出典:確定申告書等の様式・手引き等(令和3年分の所得税及び復興特別所得税の確定申告分)|国税庁
令和 年分収支内訳書(一般用)を加工して作成

企業の取引における交渉

収益の主要な源泉は売り上げにあるので、自社の製品をできる限り高く・多く売るために、受注から契約に至る営業取引において最も頻繁に交渉が行われます。同時に、注文を受けた製品の製造や差ビス提供のために、原材料、部品。製品、サービスなどの購入価格を低くして費用の最小化を図っていくための交渉も行われます。さらには、必要に応じて他社から技術を導入したり、他社に開発を委託するための交渉もあります。
加えて、交渉は売り上げに直接的に結び付く営業分野だけではなく、業務提携やM&A(企業の合併・買収)といった事業の戦略から発生する分野でも行われます。双方が関心を占める業務提携やM&Aを具体的に検討するためには、きわめて秘密性の高い経営上または営業・技術上の秘密情報が、一方または双方から開示される必要があります。
このように、営業分野に限定されることなく、企業取引の様々な段階において会社内の機密情報のやり取りを交わす必要があり、そのため交渉時には秘密保持契約を締結させることが多くなります。

1、 交渉の目的の設定
言うまでもなく、どのような目的のために交渉を行い、最終的に何がゴールとなるのかを常に明確にしておきましょう。
例えば、ある製品を生産するため海外に合弁会社を設立しようと現地会社と交渉するケースを考えてみましょう。その合弁会社の目的は売り上げ増のための「当該地での市場拡大」なのか、日本の生産拠点の補完として「日本や第三国への輸出拠点」とするのかと言ったように、目的によってその存在意義や役割が異なってきます。
このような交渉の大前提が忘れられることはないと思うでしょうが、交渉が進んでいくと具体的な個々の条件のみに関心が寄せられ、次第に枝葉末節な事柄に執着してしまい最終目的との整合性を見失ってしまう傾向がある事も否定できません。

2、 自社の利益の最大化を図る
交渉相手も様々な制約・条件があり、最終的には双方が歩み寄る事が必要になるでしょうが、ここでも自社が目指す利益の最大化を明確にする必要があります。しかし、その一方で、利益の最大化を絶対化せず、相手方との関係の中で、相対化していく柔軟な対応も必要となってきます。

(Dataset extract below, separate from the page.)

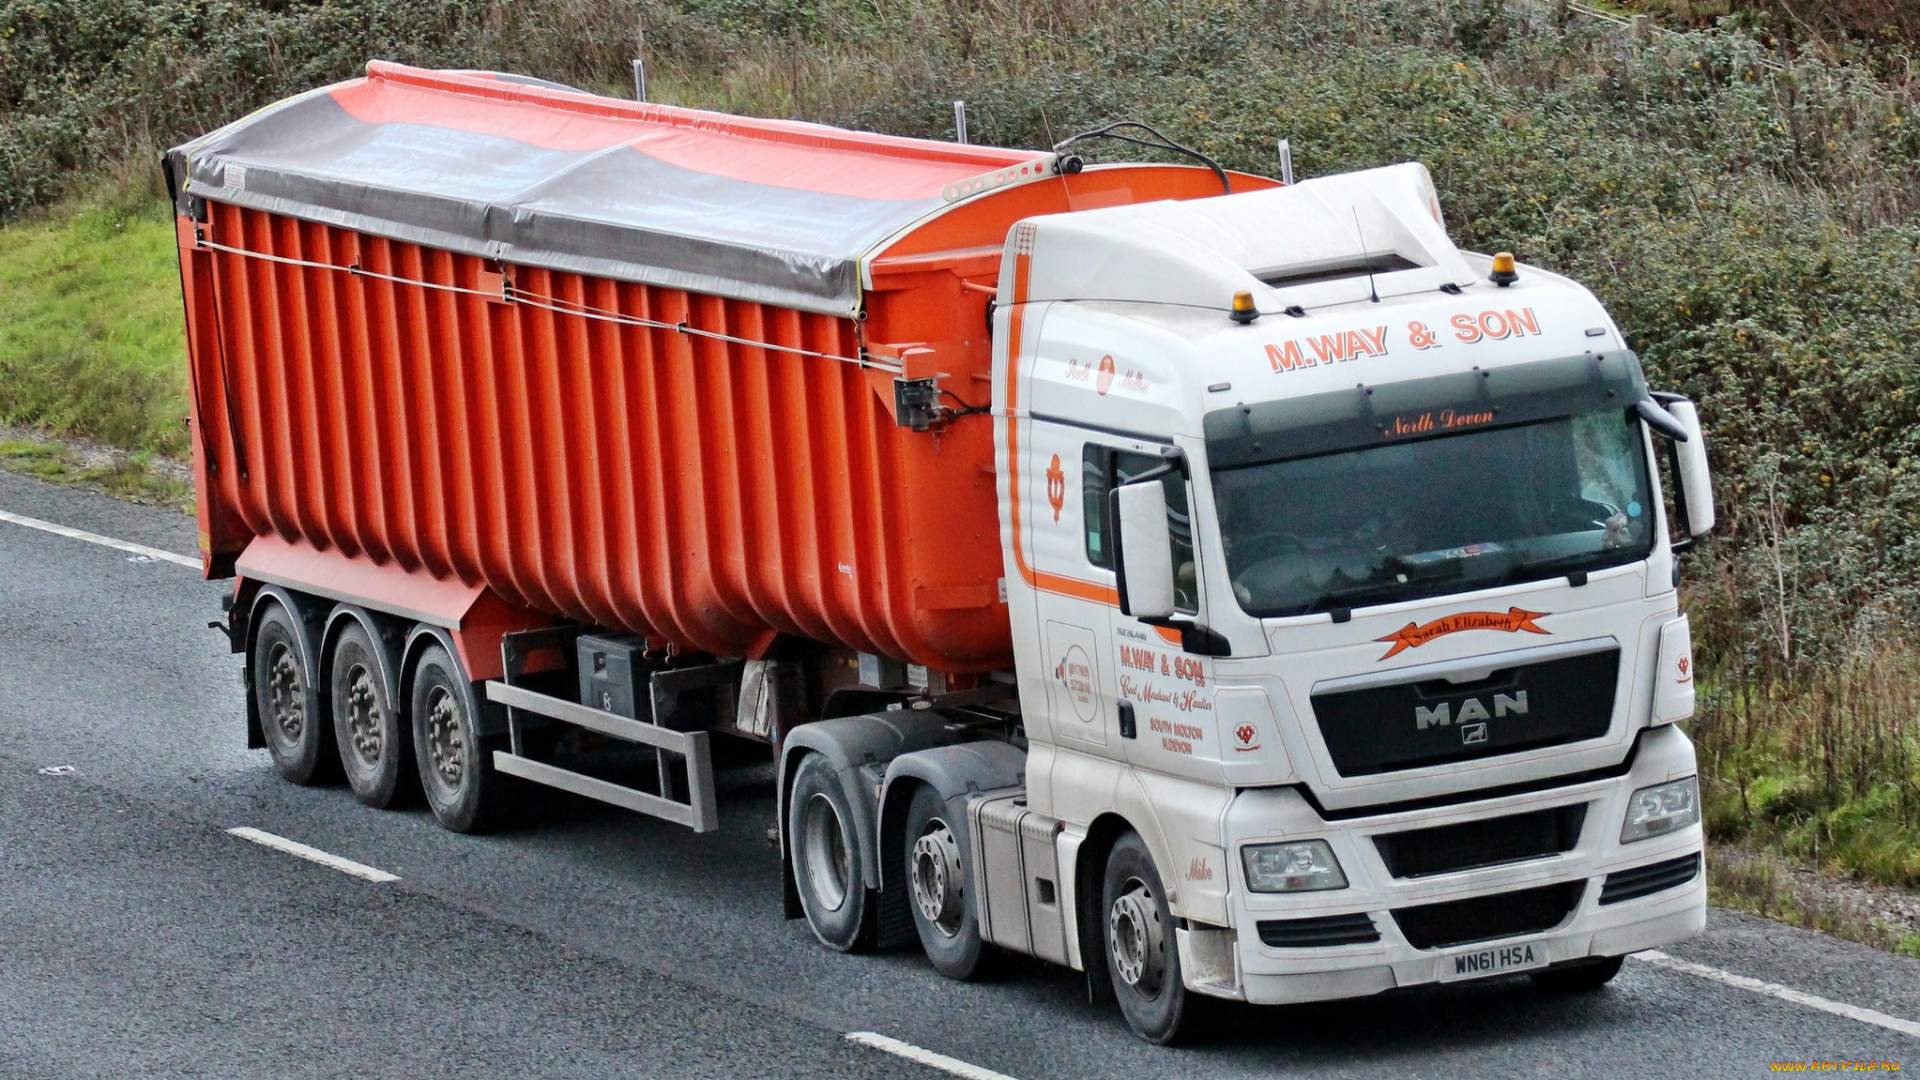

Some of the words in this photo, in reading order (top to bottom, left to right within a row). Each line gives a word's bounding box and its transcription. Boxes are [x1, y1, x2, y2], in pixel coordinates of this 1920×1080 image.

3、 交渉は、企業間の取引に横たわる問題解決へのプロセス
交渉とは、自社の利益の最大化を図りながら、相手方との間にある問題の解決を図るためのプロセスです。このため、いきなる交渉が成立すると言う事はまれでしょう。自己の交渉シナリオがある程度固まったら、弁護士などの外部専門家のアドバイスを得て、自社の考え方を客観的に見る必要があります。

4、 交渉の任に当たる担当者に必要な権限を与える
社内の権限規定にもよりますが、交渉の基本方針と具体的戦術について事前に共通認識を持ったうえで、必要に応じて交渉担当者に一定の権限を明確に与える必要があります。
このような権限を与えて交渉に臨むことは、特に外国企業との交渉では重要です。交渉に臨んでも何らの対案を出さないまま持ち帰り、社内の再検討の上、改めて相手方と再交渉すると言うような交渉態度では、時に意図的な時間稼ぎと思われてしまい相手方に不信感を持たれてしまう可能性もあります。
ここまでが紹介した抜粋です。